Using JConsole

JConsole (Java™ Monitoring and Management Console) is a graphical tool that allows the user to monitor and manage the behavior of Java applications.

Note: Because JConsole consumes significant system resources, Oracle recommend its use only in development environments for creating prototypes. Remote monitoring is also recommended to isolate the JConsole application from the platform being monitored.

The JConsole tool is built on the java.lang.management API. JConsole connects to applications that run on the same workstation or on a remote workstation. The applications must be configured to allow access.

When JConsole connects to a Java application, it reports information about the application. The details include memory usage, the running threads, and the loaded classes. This data helps you monitor the behavior of your application and the JVM. The information is useful in understanding performance problems, memory usage issues, hangs, or deadlocks.

Setting up JConsole to monitor a Java application

  1. The Java application that you want to monitor must be started with command-line options that make it accessible to JConsole from other systems or other users. JConsole can attach to processes owned by the same user on the same system without these options. The simplest set of options for monitoring are shown in the following example:
    -Dcom.sun.management.jmxremote.port=<port number>
    -Dcom.sun.management.jmxremote.authenticate=false
    -Dcom.sun.management.jmxremote.ssl=false
    The value for <port number> must be a free port on your system. In this example, the authenticate and ssl options prevent password authentication and encryption by using Secure Sockets Layer (SSL). Using these options allows JConsole, or any other JMX agent, to connect to your Java application if it has access to the specified port. Use these non-secure options only in a development or testing environment. For more information about configuring security options, see https://docs.oracle.com/javase/8/docs/technotes/guides/jmx/overview/connectors.html.
  2. Start JConsole by typing jconsole on the command line. Your path must contain the bin directory of a Java installation.
  3. The JConsole New Connection dialog opens: Enter the host name and port number that you specified in step 1. If you are running JConsole on the same workstation as your Java application, leave the host name value as localhost. For a remote system, set the host field value to the host name or IP address of the workstation. Leave the Username and Password fields blank if you used the options specified in step 1.
  4. Click connect. JConsole starts and displays the Summary tab.

Setting up JConsole to monitor itself

JConsole can monitor itself. This ability is useful for simple troubleshooting of the Java environment.
  1. Start JConsole by typing jconsole on the command line. Your path must contain the bin directory of the SDK.
  2. The JConsole New Connection dialog opens: Enter localhost:0 in the Remote Process field.
  3. Click connect. JConsole starts and displays the summary tab.

Using JConsole to monitor a Java application

The JConsole Summary tab shows key details about the connected JVM. From here, you can select any of the other tabs for more details on a particular aspect. The Memory tab shows a history of usage of each memory pool in the JVM, – the most useful being the heap memory usage.

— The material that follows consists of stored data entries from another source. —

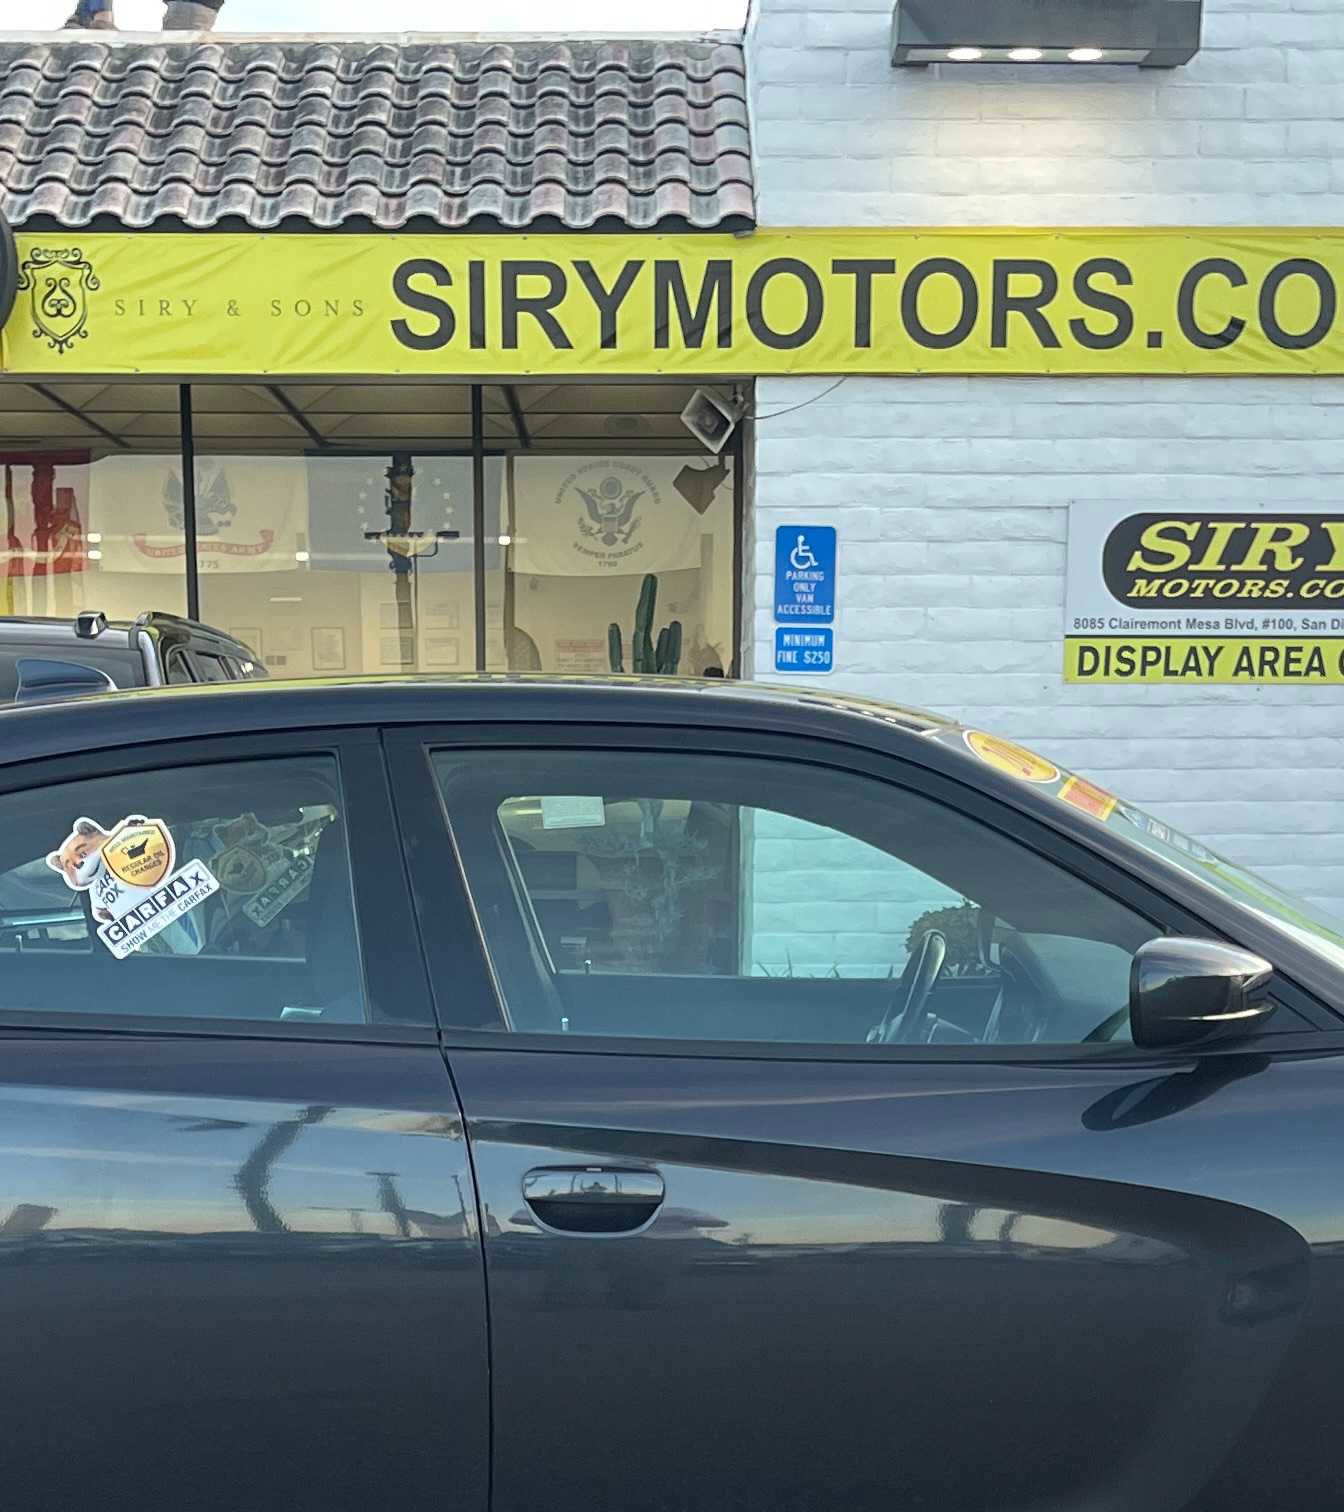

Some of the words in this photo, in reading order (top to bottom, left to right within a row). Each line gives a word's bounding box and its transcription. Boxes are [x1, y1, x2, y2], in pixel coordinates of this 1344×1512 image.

[113, 299, 198, 317] SIRY
[226, 299, 242, 317] &
[270, 299, 365, 318] SONS
[785, 571, 824, 581] PARKING
[793, 582, 816, 592] ONLY
[796, 593, 814, 603] VAN
[777, 604, 832, 615] ACCESSIBLE
[1073, 617, 1105, 630] 8085
[1108, 617, 1182, 630] Clairemont
[1186, 618, 1220, 630] Mesa
[1224, 617, 1258, 632] Blvd,
[1262, 618, 1297, 632] #100,
[1301, 618, 1327, 631] San
[783, 634, 825, 647] MINIMUM
[777, 651, 799, 664] FINE
[803, 651, 831, 664] $250
[1077, 645, 1225, 677] DISPLAY
[1232, 645, 1327, 678] AREA
[104, 871, 205, 945] CARFAX
[120, 930, 148, 953] SHOW
[177, 883, 213, 912] CARFAX

You can also request that a garbage collection is carried out by clicking the Perform GC button. You must be connected with security options disabled as described previously, or be authenticated as a control user.

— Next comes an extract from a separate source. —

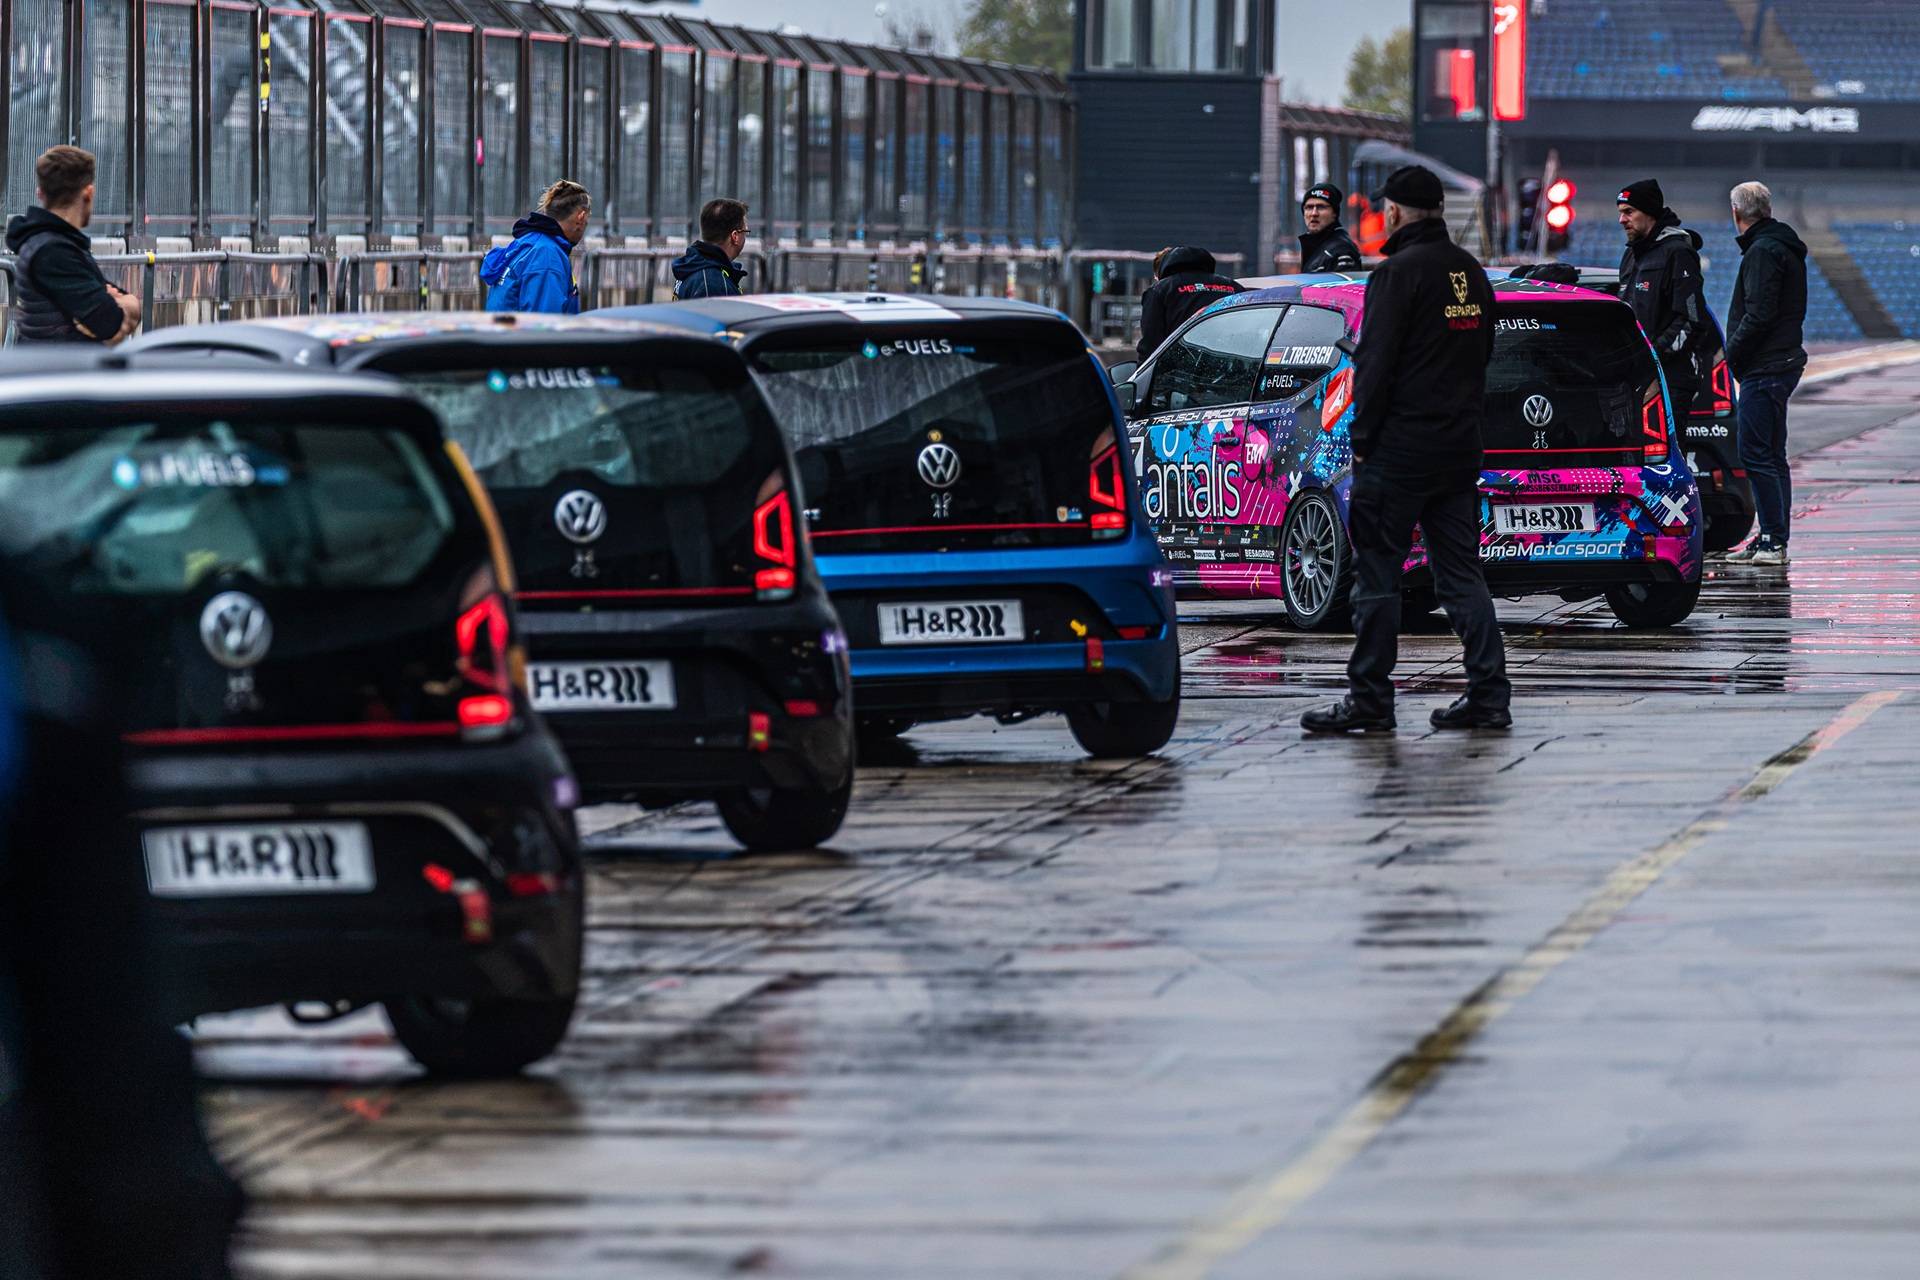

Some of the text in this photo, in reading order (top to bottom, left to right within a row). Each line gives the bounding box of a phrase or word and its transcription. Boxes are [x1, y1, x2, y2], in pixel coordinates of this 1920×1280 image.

The Threads tab shows the number of threads currently running and a list of their IDs.

Clicking a thread ID shows the thread state and its current stack trace.

The Classes tab displays the current number of loaded classes and the number of classes loaded and unloaded since the application was started. Selecting the verbose output check box allows verbose class loading output to be switched on and off to see a list of classes that are loaded in the client JVM. The output is displayed on the stderr output of the client JVM.

The MBeans tab allows you to inspect the state of the platform MBeans, which provides more detail about the JVM. For more information about MBeans and J9 MXBean extensions, see the Language management interface section of the Eclipse OpenJ9 documentation.

Finally, the VM tab gives information about the environment in which your Java application is running, including any JVM arguments and the current class path.

Troubleshooting JConsole

JConsole is a Swing application. Running JConsole on the same workstation as the Java application you want to monitor affects the performance of your Java application. You can use JConsole to connect to a JVM running on a remote workstation to reduce the effect on application performance.

Because JConsole is a Java application, you can pass it Java command-line options through the application that starts JConsole by prefixing them with –J. For example, to change the maximum heap size that JConsole uses, add the command-line option -J-Xmx<size>.

JConsole uses the Attach API to connect to an application and can connect only to other J9 virtual machines. If you experience problems when using JConsole to monitor a remote application, the root cause might be the Attach API. To diagnose problems, see Java Attach API.

Known Limitations

Using the local process list
The local process list does not work. Use localhost:<port> in the Remote Process text entry field to connect to a local JVM.
CPU usage in the Overview tab
The CPU usage display does not work.